Scientific classification
- Kingdom: Animalia
- Phylum: Arthropoda
- Class: Insecta
- Order: Coleoptera
- Suborder: Polyphaga
- Infraorder: Scarabaeiformia
- Family: Scarabaeidae
- Genus: Microserica
- Species: M. fugax
- Binomial name: Microserica fugax (Erichson, 1834)
- Synonyms: Serica fugax Erichson, 1834;

= Microserica fugax =

- Genus: Microserica
- Species: fugax
- Authority: (Erichson, 1834)
- Synonyms: Serica fugax Erichson, 1834

Species of beetle

Microserica fugax is a species of beetle of the family Scarabaeidae. It is found in the Philippines (Luzon).

==Description==
Adults reach a length of about 10 mm. They are deep black with a deep green sheen, which is particularly distinct on the pronotum. The pronotum is twice as wide as long, convex transversely, widely punctate, with a very small, short white hair in each puncture.

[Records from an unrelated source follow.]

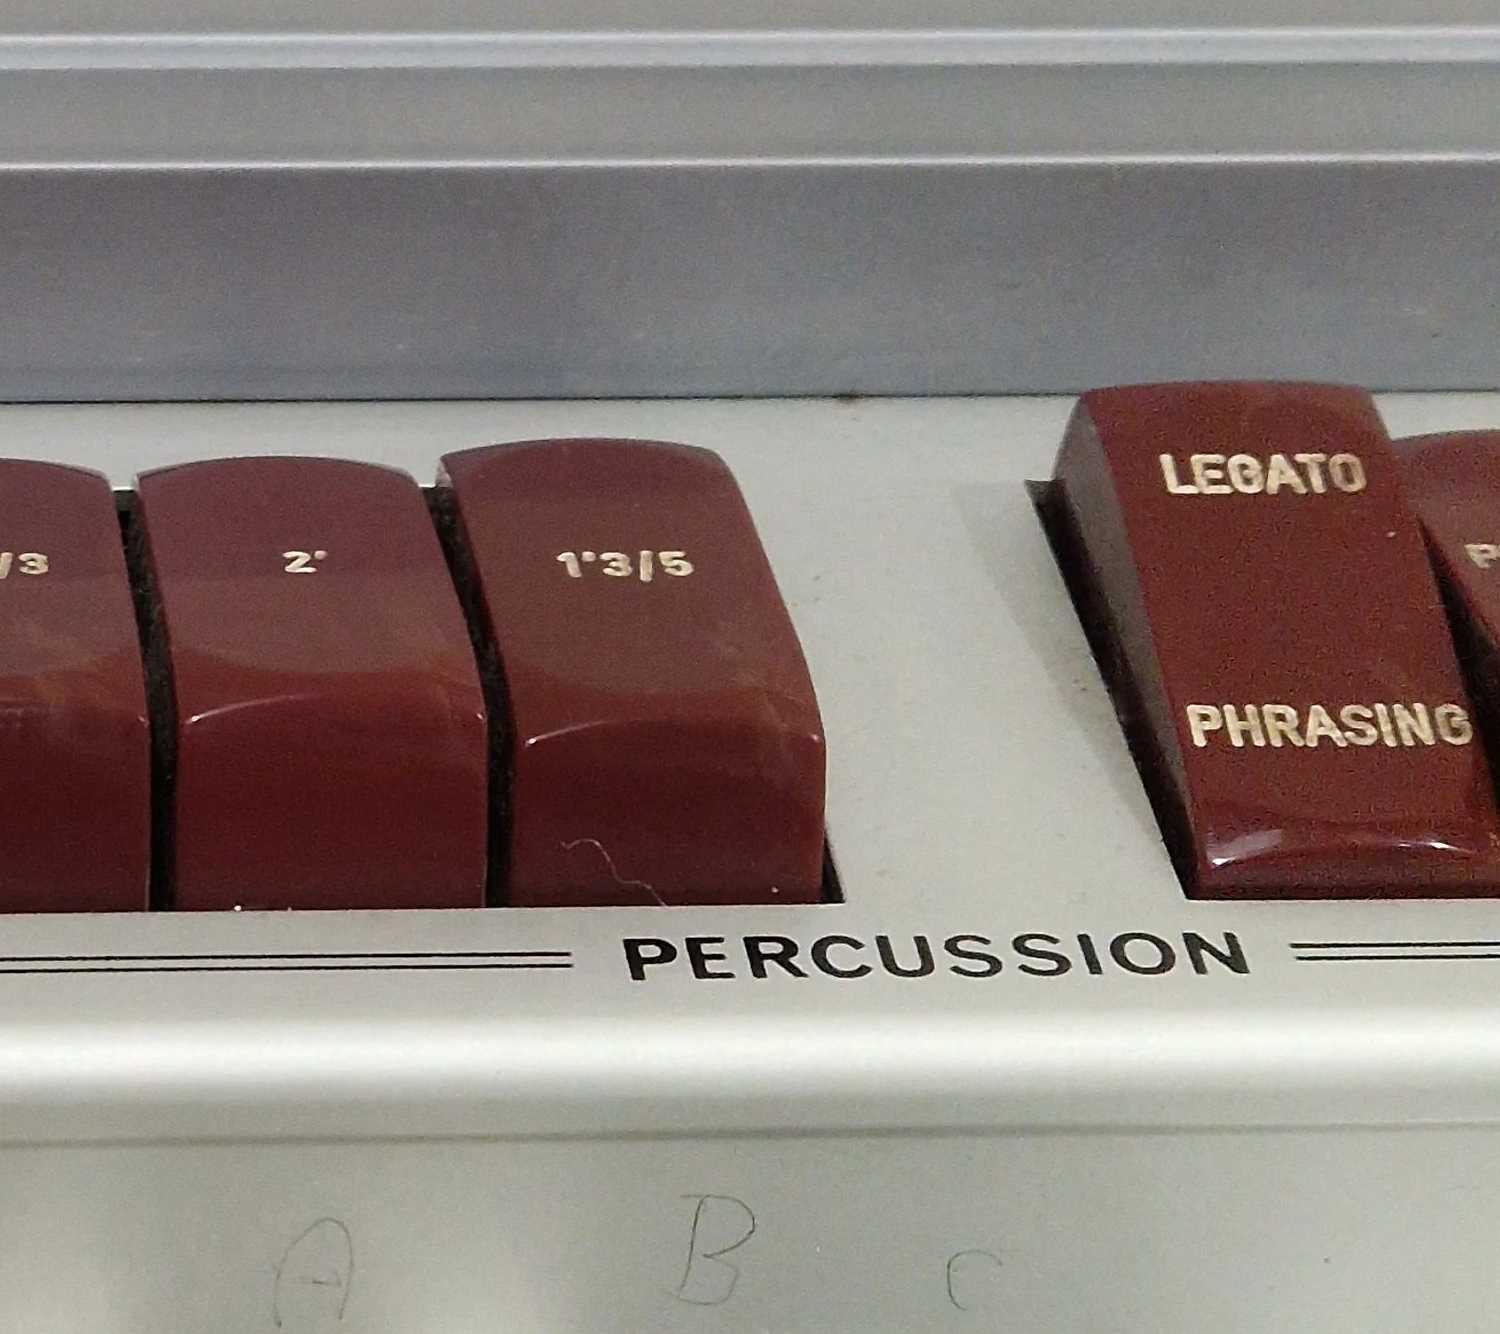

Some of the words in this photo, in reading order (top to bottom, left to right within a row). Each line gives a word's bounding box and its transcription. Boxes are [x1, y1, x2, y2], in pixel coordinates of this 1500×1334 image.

[1158, 453, 1368, 495] LEGATO
[1185, 703, 1474, 748] PHRASING
[622, 932, 1252, 981] PERCUSSION
[667, 1193, 757, 1307] B
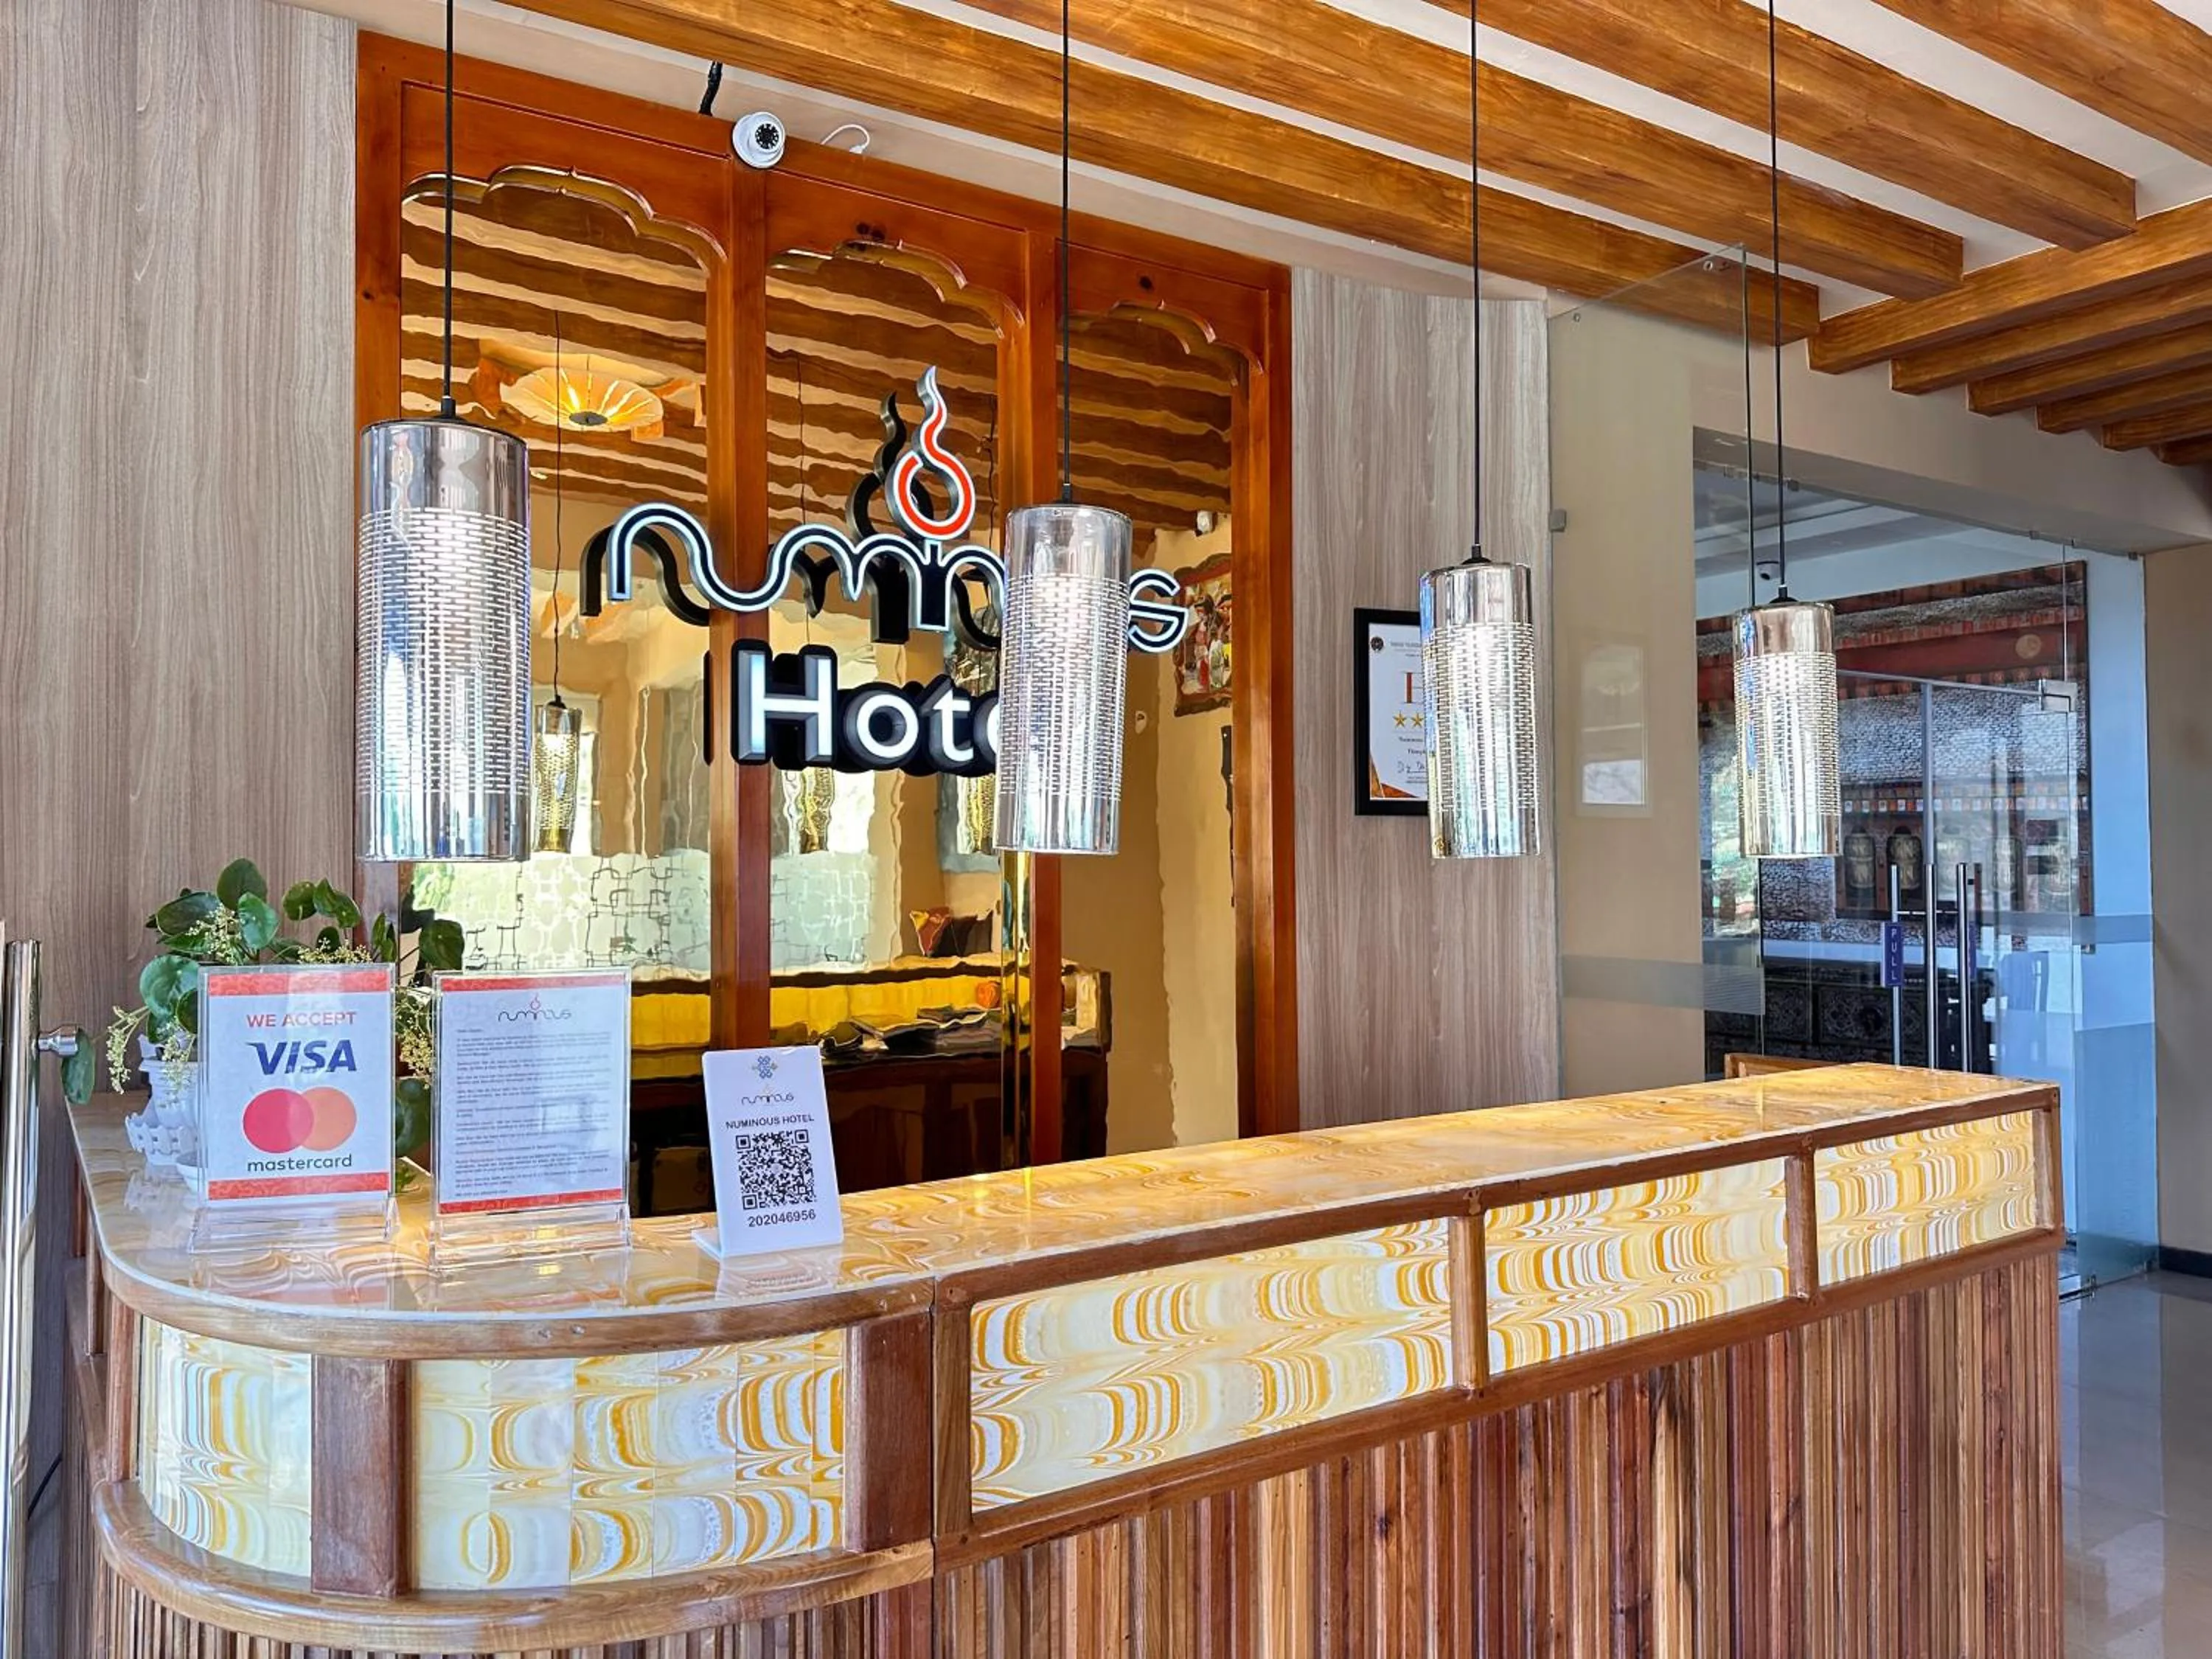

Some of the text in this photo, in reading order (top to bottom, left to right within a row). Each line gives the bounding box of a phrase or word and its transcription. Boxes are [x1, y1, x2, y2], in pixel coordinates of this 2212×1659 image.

[608, 503, 1189, 653] numins
[738, 648, 1001, 762] Hot
[247, 1012, 357, 1028] WE ACCEPT
[246, 1040, 358, 1075] VISA
[726, 1114, 815, 1130] NUMINOUS HOTEL
[247, 1154, 352, 1172] mastercard
[748, 1208, 816, 1228] 202046956
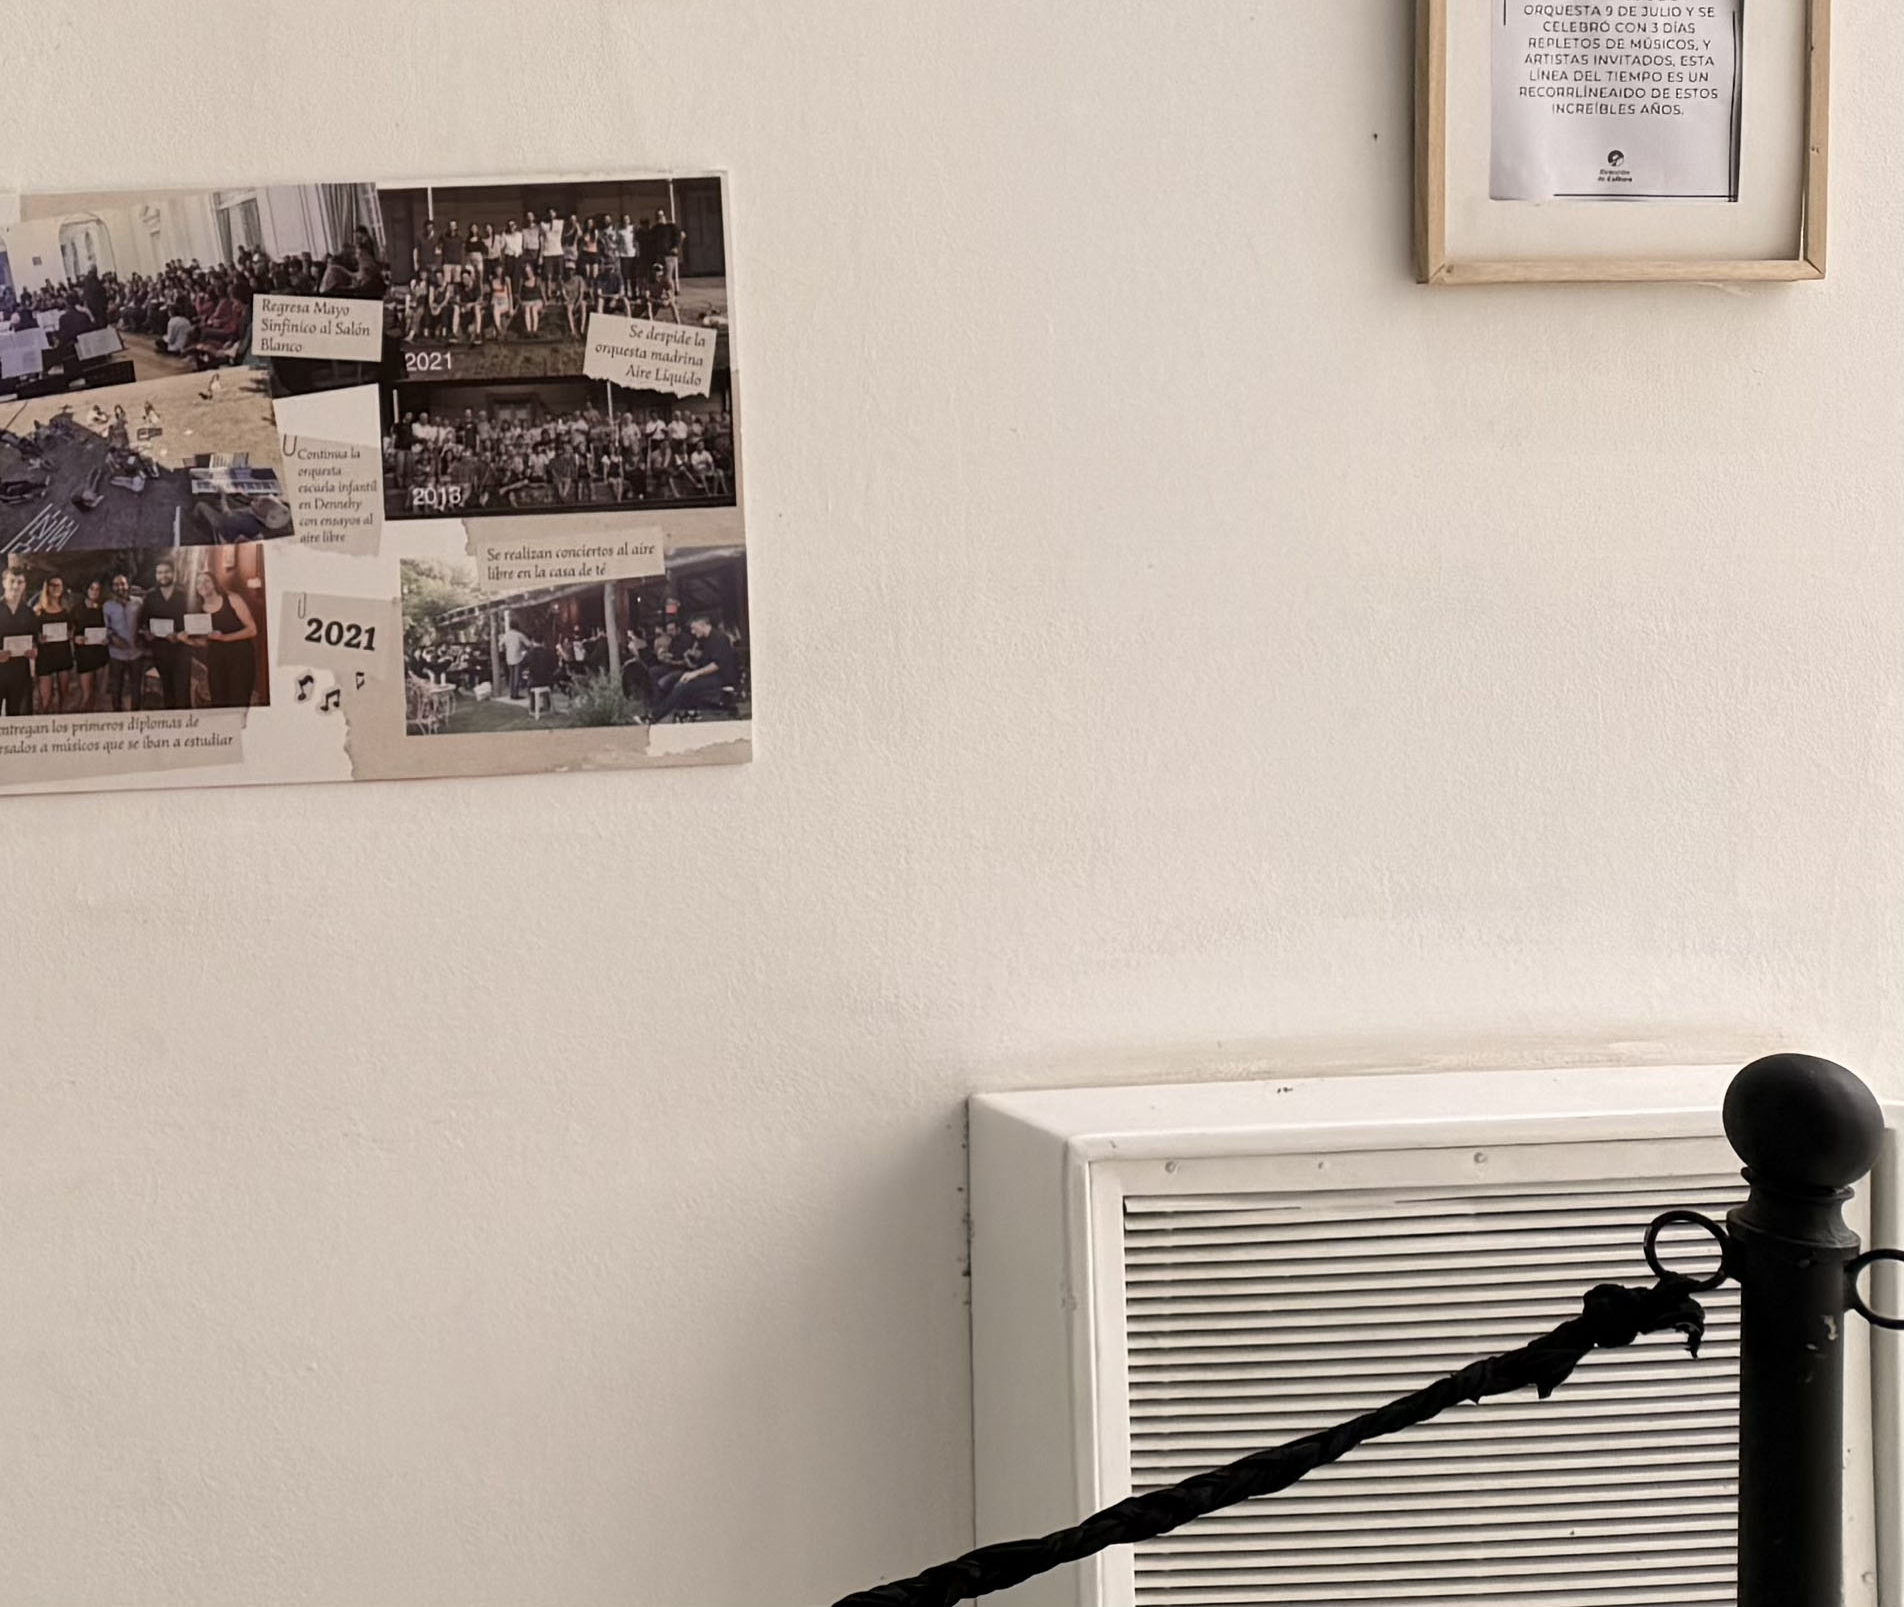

The elytra are somewhat wider than the pronotum, gently widened in the middle, convex, punctate in the same way as the pronotum. The stria next to the suture is particularly distinct posteriorly, the others only noticeable in a certain direction. On the underside, the margins of the abdominal segments are dark reddish-brown. The legs are the same color as the body.